Print, word for word, only the lines from the one with "this 1920×1275 image." down to the last line of the listing below; no pictures.

+++ RECORDS PROVIDED +++

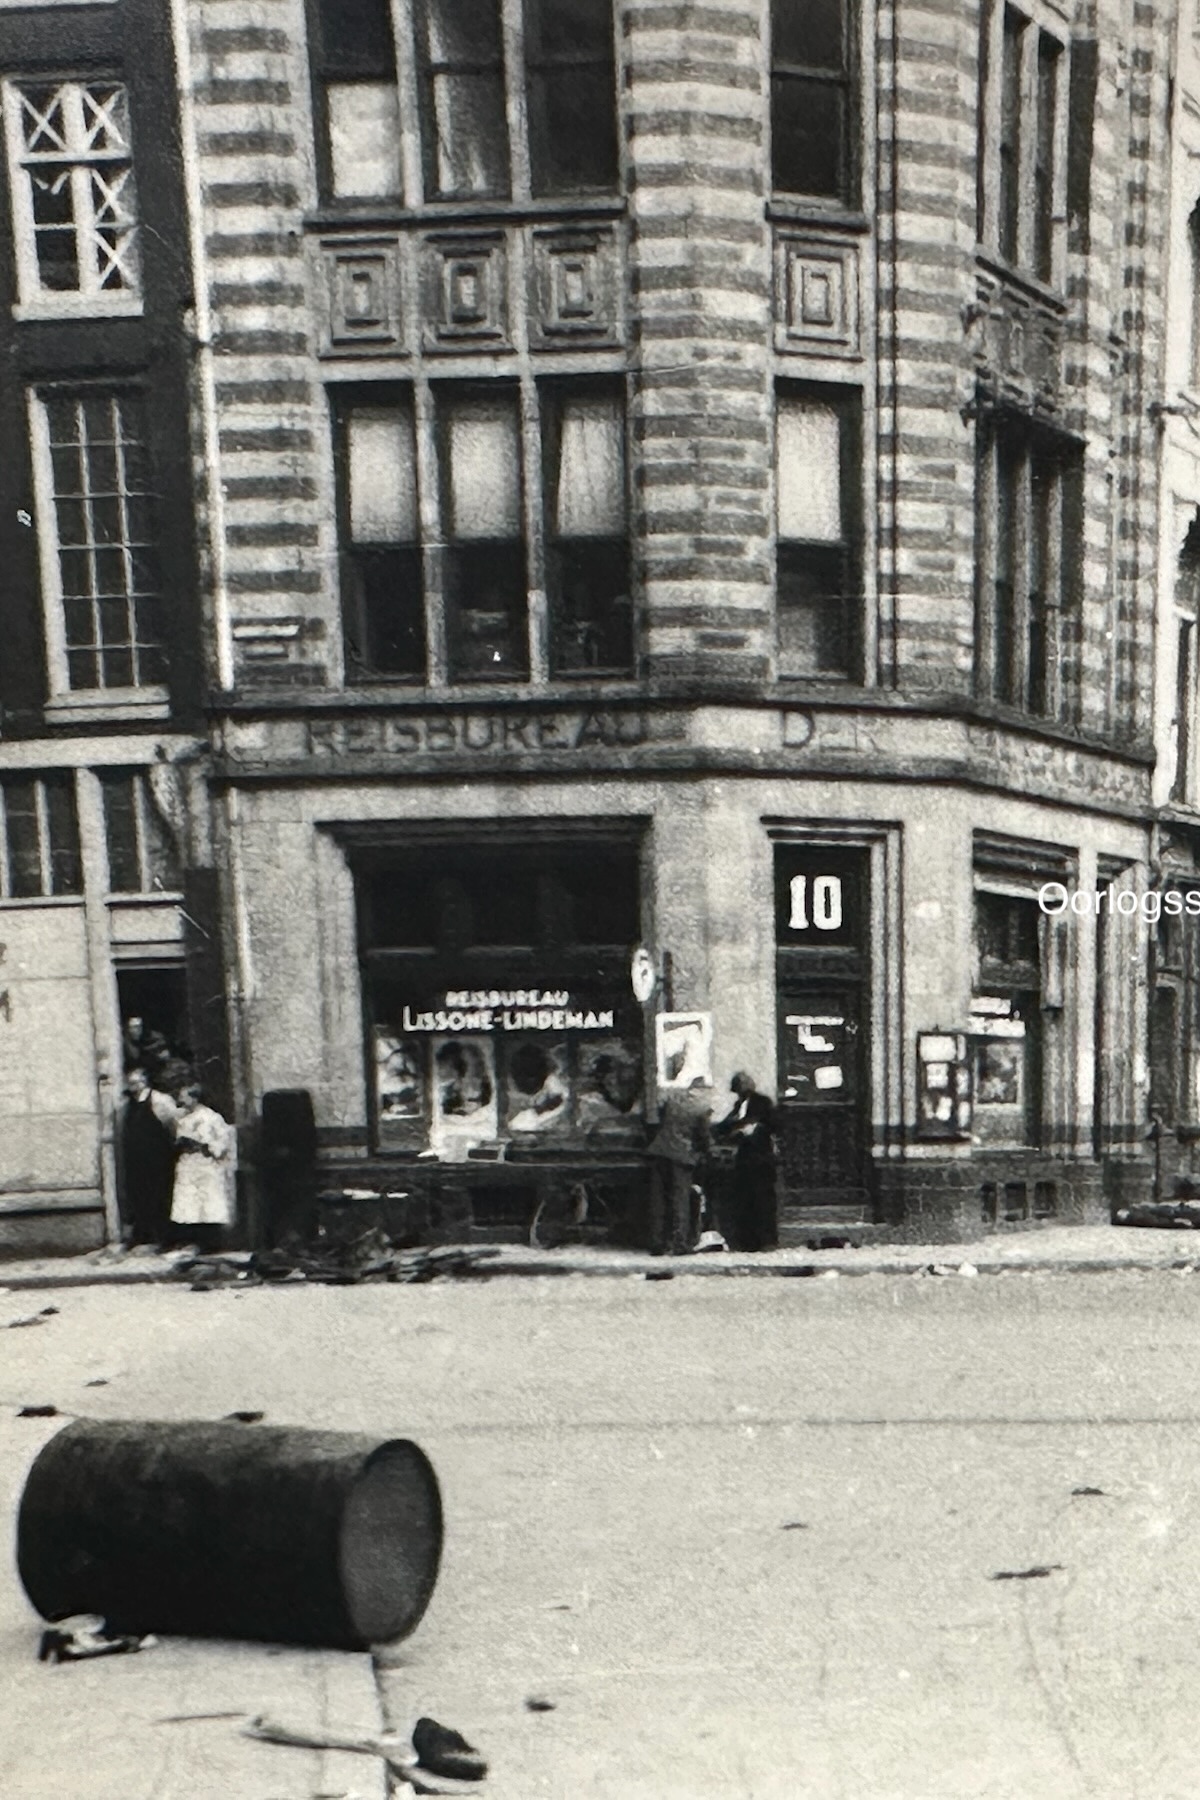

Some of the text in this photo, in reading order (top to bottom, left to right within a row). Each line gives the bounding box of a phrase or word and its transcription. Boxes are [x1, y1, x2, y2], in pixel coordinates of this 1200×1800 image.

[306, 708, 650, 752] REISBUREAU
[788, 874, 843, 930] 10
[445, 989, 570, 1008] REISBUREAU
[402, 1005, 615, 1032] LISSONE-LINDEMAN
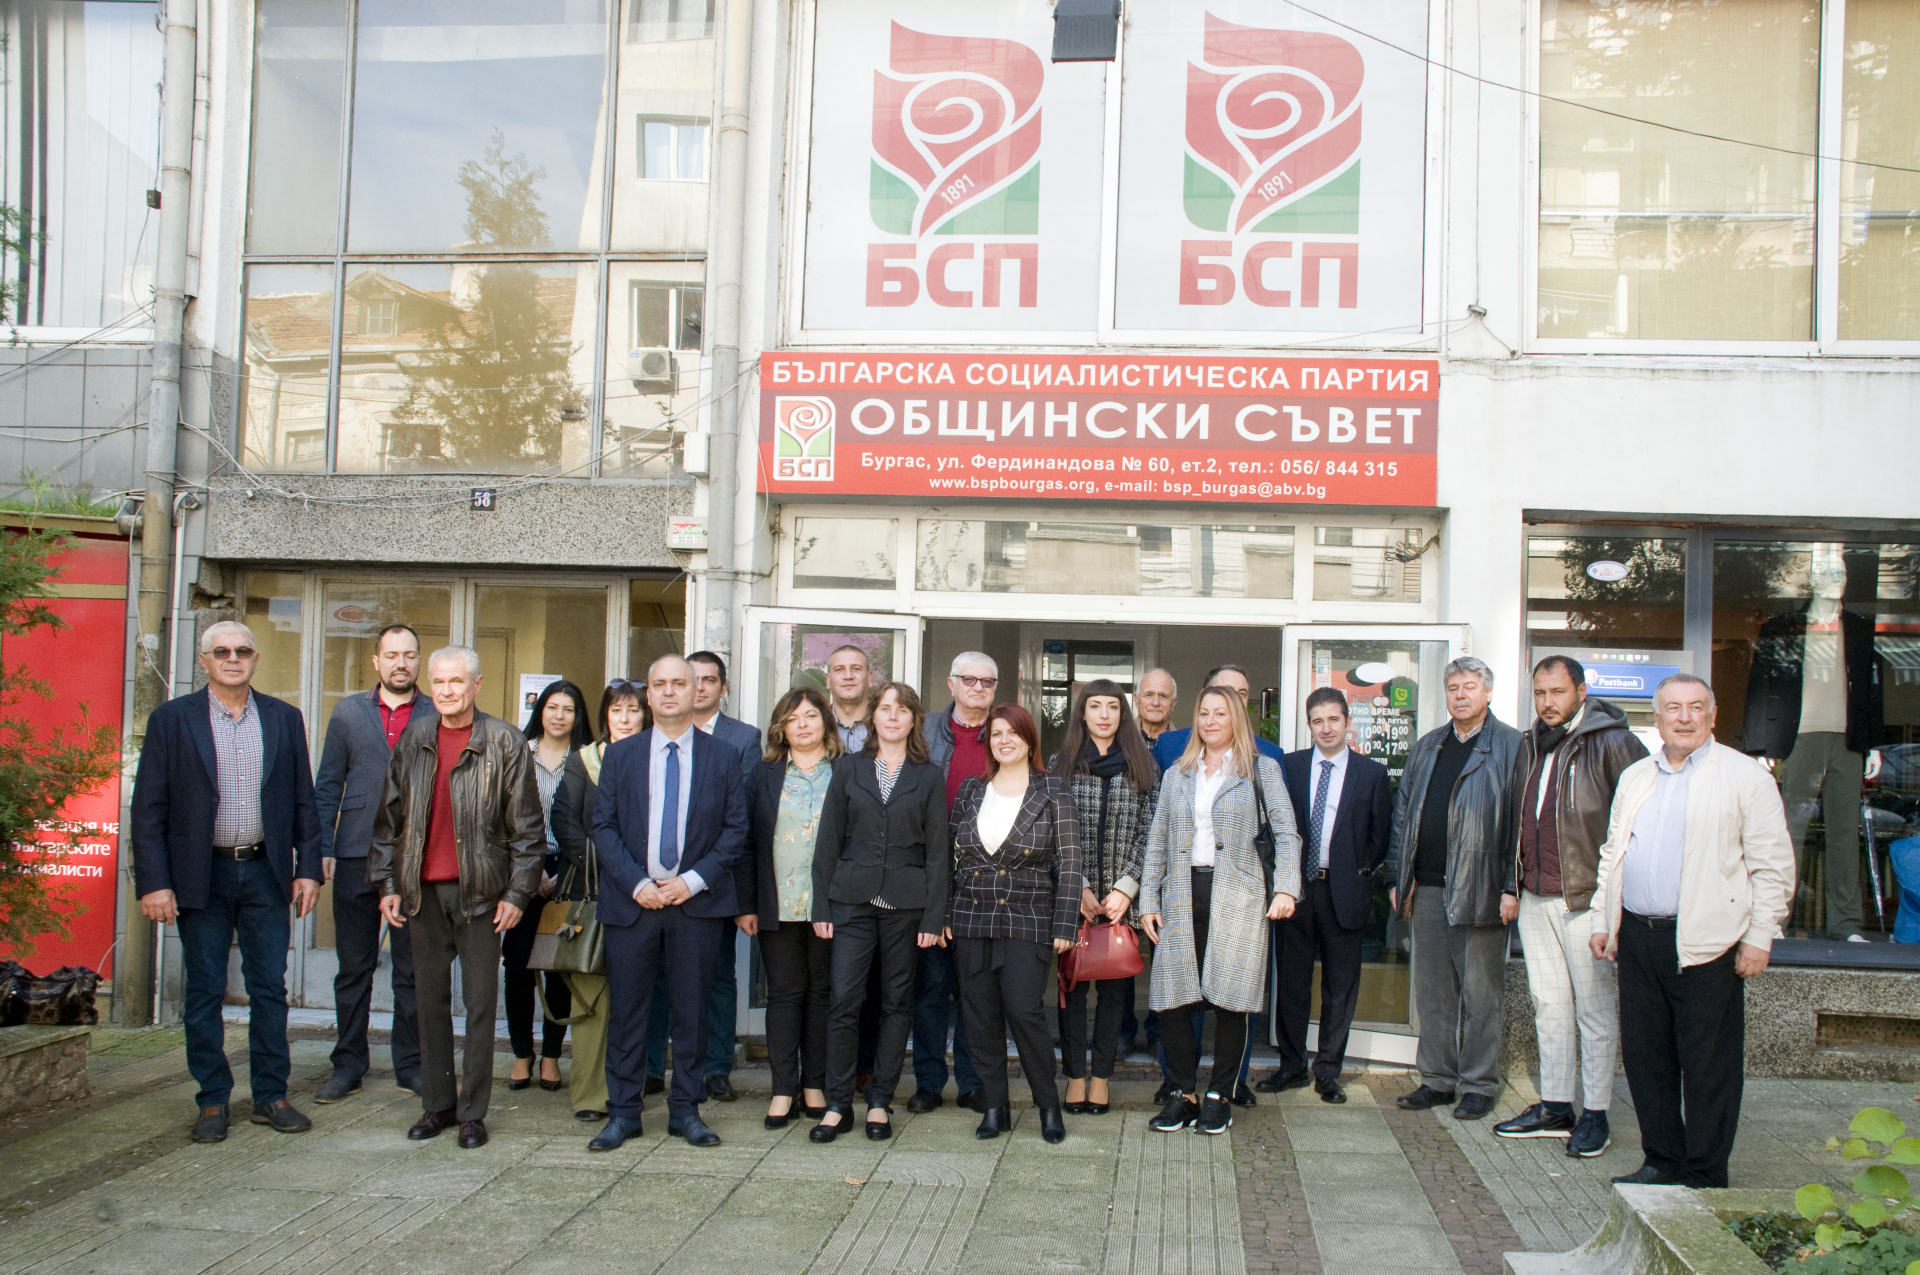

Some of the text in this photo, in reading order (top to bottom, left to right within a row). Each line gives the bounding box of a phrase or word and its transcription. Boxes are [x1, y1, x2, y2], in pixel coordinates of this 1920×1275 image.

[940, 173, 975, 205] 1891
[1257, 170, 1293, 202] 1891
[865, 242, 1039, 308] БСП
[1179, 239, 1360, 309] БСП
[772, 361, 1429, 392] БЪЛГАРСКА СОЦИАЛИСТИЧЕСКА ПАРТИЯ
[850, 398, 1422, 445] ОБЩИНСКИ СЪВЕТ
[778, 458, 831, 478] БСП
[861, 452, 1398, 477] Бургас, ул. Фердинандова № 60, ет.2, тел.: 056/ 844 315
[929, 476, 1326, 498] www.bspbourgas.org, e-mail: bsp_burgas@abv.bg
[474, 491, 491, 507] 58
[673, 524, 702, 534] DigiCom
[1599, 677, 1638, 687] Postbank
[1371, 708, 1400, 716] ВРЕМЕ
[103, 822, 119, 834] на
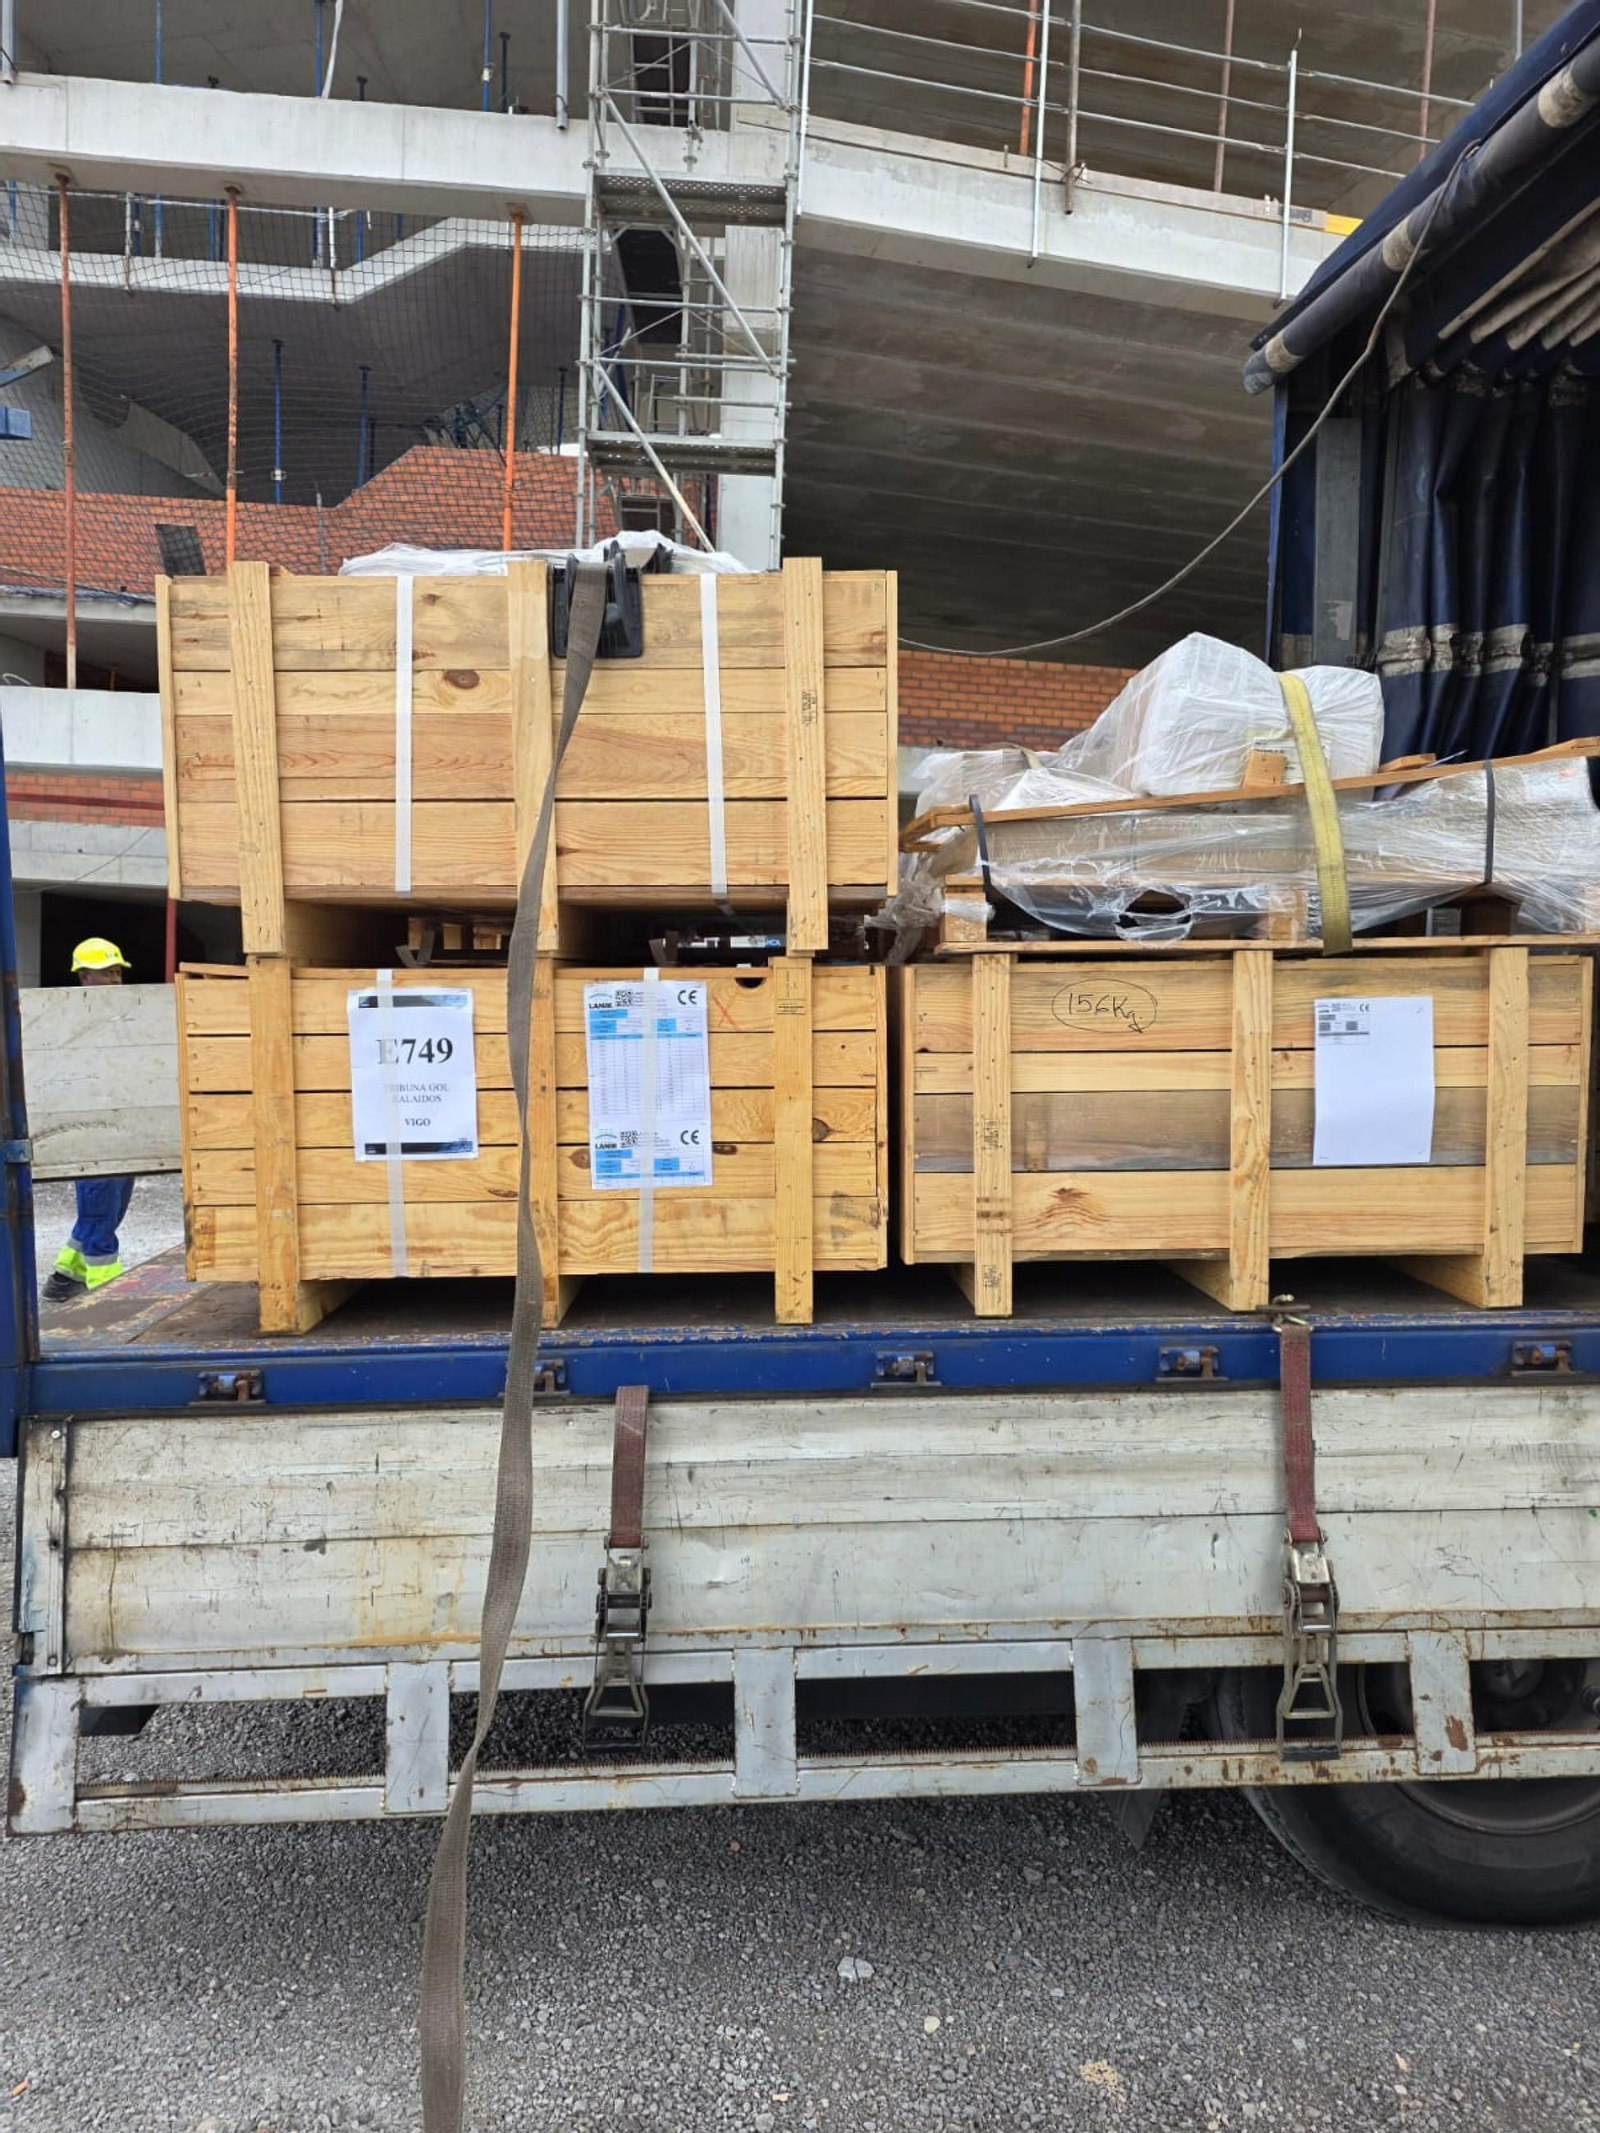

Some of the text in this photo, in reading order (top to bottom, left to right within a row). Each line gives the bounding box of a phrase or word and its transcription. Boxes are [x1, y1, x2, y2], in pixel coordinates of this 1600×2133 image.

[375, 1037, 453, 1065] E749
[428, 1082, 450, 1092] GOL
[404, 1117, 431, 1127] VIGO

+++

• OUTPUT:
Some of the text in this photo, in reading order (top to bottom, left to right within a row). Each line gives the bounding box of a phrase or word and its transcription. Boxes are [x1, y1, x2, y2], in pixel coordinates of this 1920×1275 image.

[940, 173, 975, 205] 1891
[1257, 170, 1293, 202] 1891
[865, 242, 1039, 308] БСП
[1179, 239, 1360, 309] БСП
[772, 361, 1429, 392] БЪЛГАРСКА СОЦИАЛИСТИЧЕСКА ПАРТИЯ
[850, 398, 1422, 445] ОБЩИНСКИ СЪВЕТ
[778, 458, 831, 478] БСП
[861, 452, 1398, 477] Бургас, ул. Фердинандова № 60, ет.2, тел.: 056/ 844 315
[929, 476, 1326, 498] www.bspbourgas.org, e-mail: bsp_burgas@abv.bg
[474, 491, 491, 507] 58
[673, 524, 702, 534] DigiCom
[1599, 677, 1638, 687] Postbank
[1371, 708, 1400, 716] ВРЕМЕ
[103, 822, 119, 834] на

Some of the text in this photo, in reading order (top to bottom, left to right within a row). Each line gives the bounding box of a phrase or word and its transcription. Boxes are [x1, y1, x2, y2], in pixel coordinates of this 1600×2133 image.

[375, 1037, 453, 1065] E749
[428, 1082, 450, 1092] GOL
[404, 1117, 431, 1127] VIGO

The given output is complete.